During the briefing a panel of four scientists discussed
their research. Three-time ARCHE
grantee, Dr. Robert Siliciano of Johns Hopkins
University School of Medicine, is studying ways to force latent HIV that is lying dormant in cells, to become active so that it can be targeted by
antiretroviral therapy. Dr. Siliciano
has already identified several drugs that could potentially be used to
reactivate latent virus and is looking for additional, more powerful options.
Dr. Keith Jerome of the Fred Hutchinson Cancer Research
Center in Seattle is working to perfect a technique called gene editing, which
uses an enzyme to find and remove the genetic sequence of HIV that has inserted
itself into a cell’s own DNA or the protein it uses to enter the cell, leaving
the cell HIV free. “What we need,” he
said, “are enzymes that cleave what we want.”
POZ Editor in Chief and amfAR Board Member Regan Hofmann, Dr. Paula Cannon, and Timothy Brown, the “Berlin Patient” at the U.S. Senate.
Some elements of the immune system’s response to HIV, Dr.
Peter Hunt of the University of California in San Francisco, explained, lead to
detrimental effects on the heart and other organs as it wears them out
prematurely, leading to chronic conditions such as heart disease. He
theorizes that we need to find ways to modulate the immune system’s response to
HIV so that it can both delay the onset of AIDS, as well as minimize the side
effects of an overly active immune system.

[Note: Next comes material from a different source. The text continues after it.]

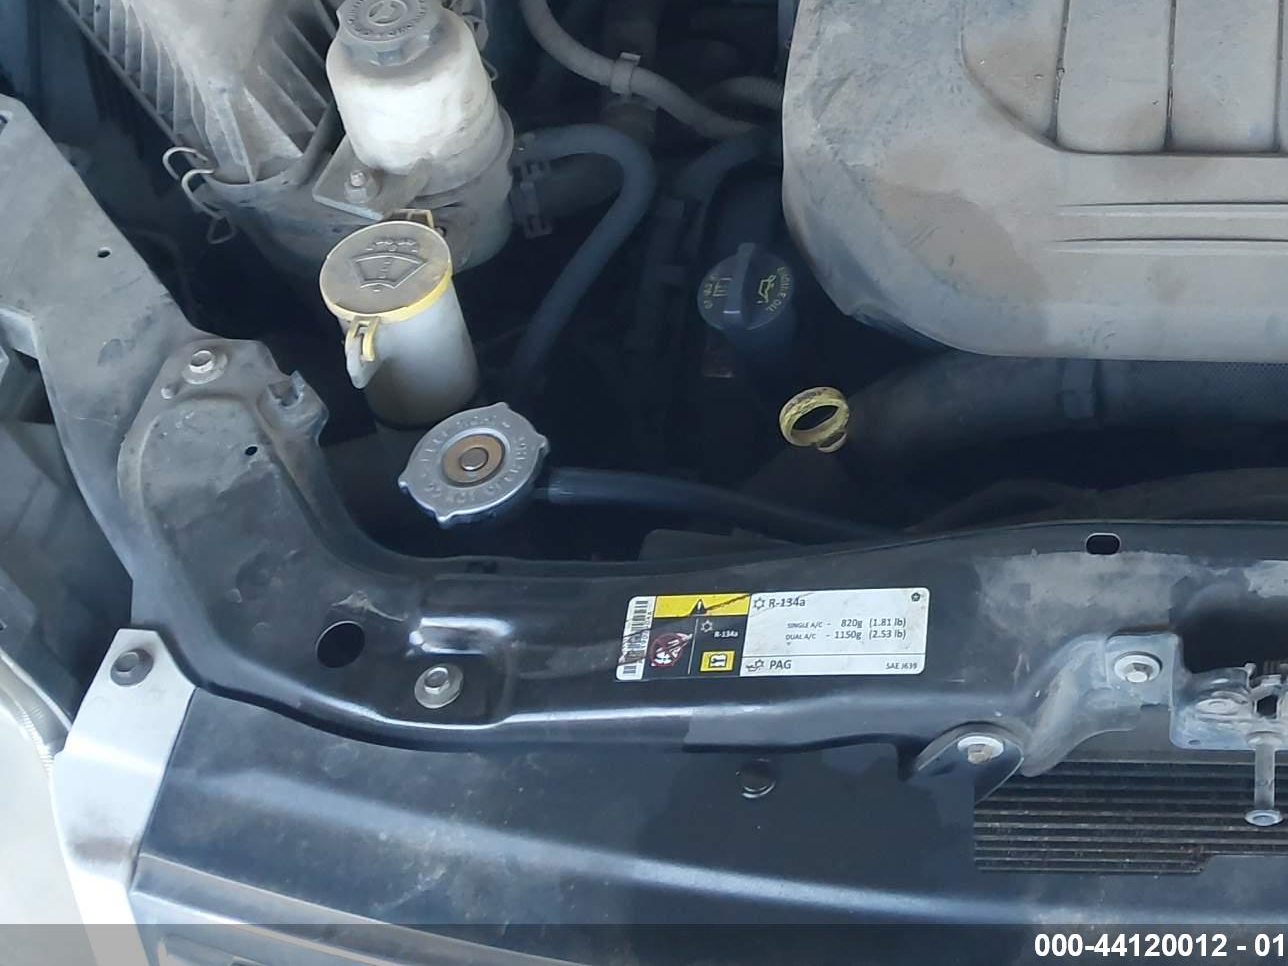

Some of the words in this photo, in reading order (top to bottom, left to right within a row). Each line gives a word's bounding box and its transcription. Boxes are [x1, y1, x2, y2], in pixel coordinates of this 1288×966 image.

Dr. Paula Cannon, of the Keck School of Medicine of the
University of Southern California, is leading efforts to eliminate HIV from the
body by removing the CCR5 receptor from a patient’s own stem cells. Without this receptor the virus can no longer
infect cells and dies off.
The second half of the briefing shed light on the policy
aspects of HIV/AIDS research. Dr. Carl W. Dieffenbach, director of the Division of AIDS at the National
Institute of Allergy and Infectious Diseases at the National Institutes of
Health, said that proper investments in research now will pay off in the future
– and could change the course of the epidemic. “Ultimately, through a
vaccine and cure, we will really begin to create an AIDS-free generation,” he
said.
Regan Hofmann,
editor of POZ magazine and an amfAR
trustee, also urged policymakers to seize on recent scientific advancements
now. “We don’t want to give
false hope, but those who understand the science understand that we are
there. This is our moment.”
Dr. Jerome Zack of the UCLA Center for AIDS
Research and Chris Collins, amfAR’s Vice President and Director of Public
Policy, discussed the issue of funding for cure research. Support for
scientific research in general is threatened.
Last year, when a bipartisan Congressional committee failed to agree on
a plan to achieve $1.2 trillion in deficit reductions an enforcement mechanism was
triggered that will result in across-the-board spending cuts via sequestration.
Unless it is voted down by Congress this fall, sequestration
will take $300 million out of AIDS research by flat-funding the National
Institutes of Health. “If this were a
business,” said Collins, “now is not the time to divest.”